In 1847, he came to Rochester as an apprentice to one of his uncles, Merwin Austin, for whom he worked as a draftsman. He was soon made a partner in his uncle's business, which as Austin & Warner existed from about 1855 to 1858. Warner then established an independent practice until 1867 when he partnered with Charles Coots under the firm name of Andrew J. Warner & Co. After this he had an independent practice, then from 1875 to 1877 partnered with James Goold Cutler (1848-1927) in a firm known as Warner & Cutler.

==Personal life==
Warner was married to Catherine Pardee Foster (1834–1921), the daughter of Jonathan Foster and Hulda (née Griffin) Foster, on March 22, 1955. Together, they were the parents of two sons:

- William Amos Warner (1855–1917)
- John Foster Warner (1859–1937), who was also an architect who married Mary Adams (1859–1943).

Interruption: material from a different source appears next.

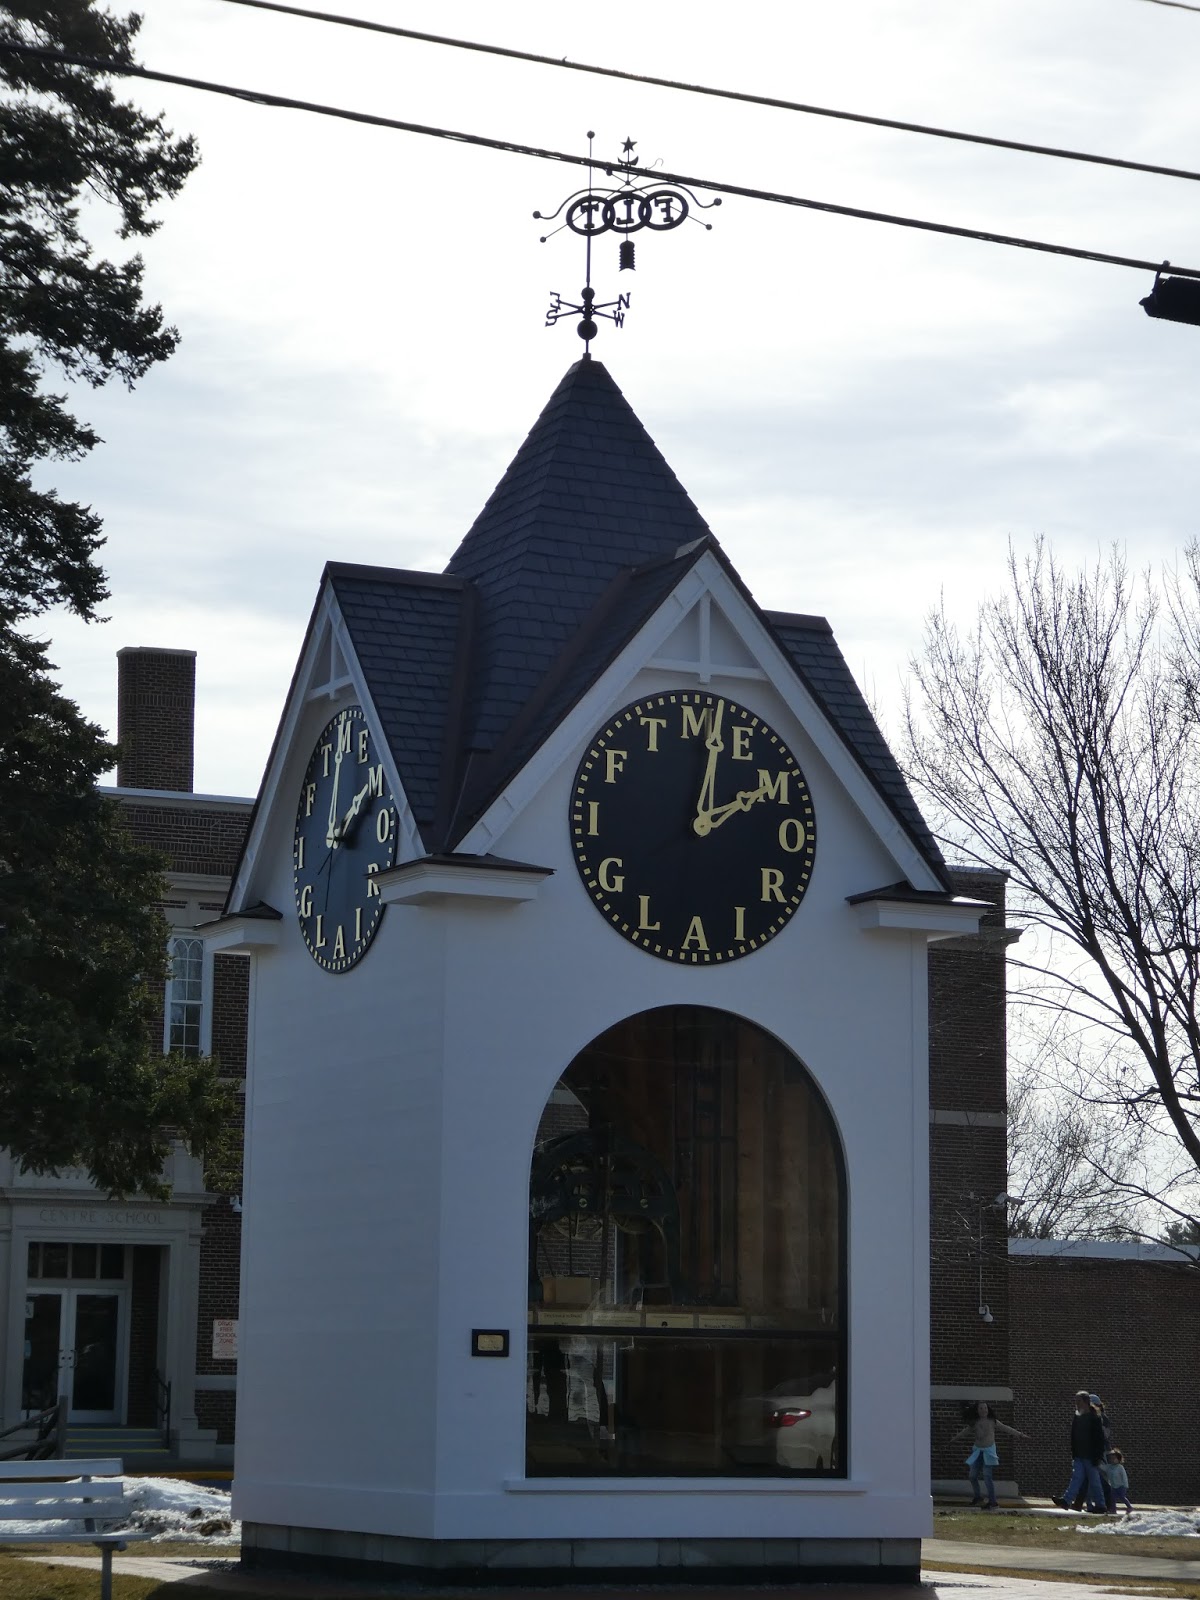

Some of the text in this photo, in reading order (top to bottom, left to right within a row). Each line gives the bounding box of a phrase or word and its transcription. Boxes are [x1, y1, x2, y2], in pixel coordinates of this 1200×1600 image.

[617, 292, 631, 311] N
[613, 309, 625, 328] W
[40, 1209, 165, 1225] CENTRE SCHOOL

Warner died in Rochester on September 4, 1910, and is buried in Mount Hope Cemetery.

==Selected works==
- c. 1855: Elmwood, Nunda, New York, listed on the National Register of Historic Places in 2015.
- 1860: Brick Presbyterian Church Complex, Rochester, New York, listed on the National Register of Historic Places in 1992.
- 1860s: United Church of Warsaw, located in the Warsaw Downtown Historic District.
- 1863: St. Mary's Hospital, Rochester, New York
- 1864-1868: St. Patrick's Cathedral (as clerk of the works), Rochester, New York
- 1867: Richardson-Bates House, Oswego, New York, listed on the National Register of Historic Places in 1975.
- 1868: Our Lady of Victory Roman Catholic Church, Rochester, New York, listed on the National Register of Historic Places in 1992.
- 1869: Powers Building, Rochester, New York, listed on the National Register of Historic Places in 1976.
- 1870: H. H. Richardson Complex, supervising architect for Henry Hobson Richardson, Buffalo, New York.
- 1871: Erie County and Buffalo City Hall, Buffalo, New York, listed on the National Register of Historic Places in 1976.
- 1871: First Presbyterian Church (Rochester, New York), listed on the National Register of Historic Places in 1973.
- 1873-1875: Rochester City Hall, Rochester, New York
- 1883: First Presbyterian Church of Mumford, Mumford, New York, listed on the National Register of Historic Places in 2002.
- 1887-1888: Wilder Building, Rochester, New York, listed on the National Register of Historic Places in 1985.
- 1888: Ellwanger & Barry Building, (Rochester, New York)
- 1891: Saint Bernard's Seminary, Rochester, New York, Rochester, New York, listed on the National Register of Historic Places in 1996.
- 1892: Willard Memorial Chapel-Welch Memorial Hall, Auburn, New York, listed on the National Register of Historic Places in 1989, designated National Historic Landmark in 2005.
- 1893: Corning City Hall, Corning, New York
- 1893: Masonic Temple, Olean, New York, located in the Union and State Streets Historic District.
- 1893: Downs Hotel/Hotel Holley, Holley, New York, located in the Holley Village Historic District.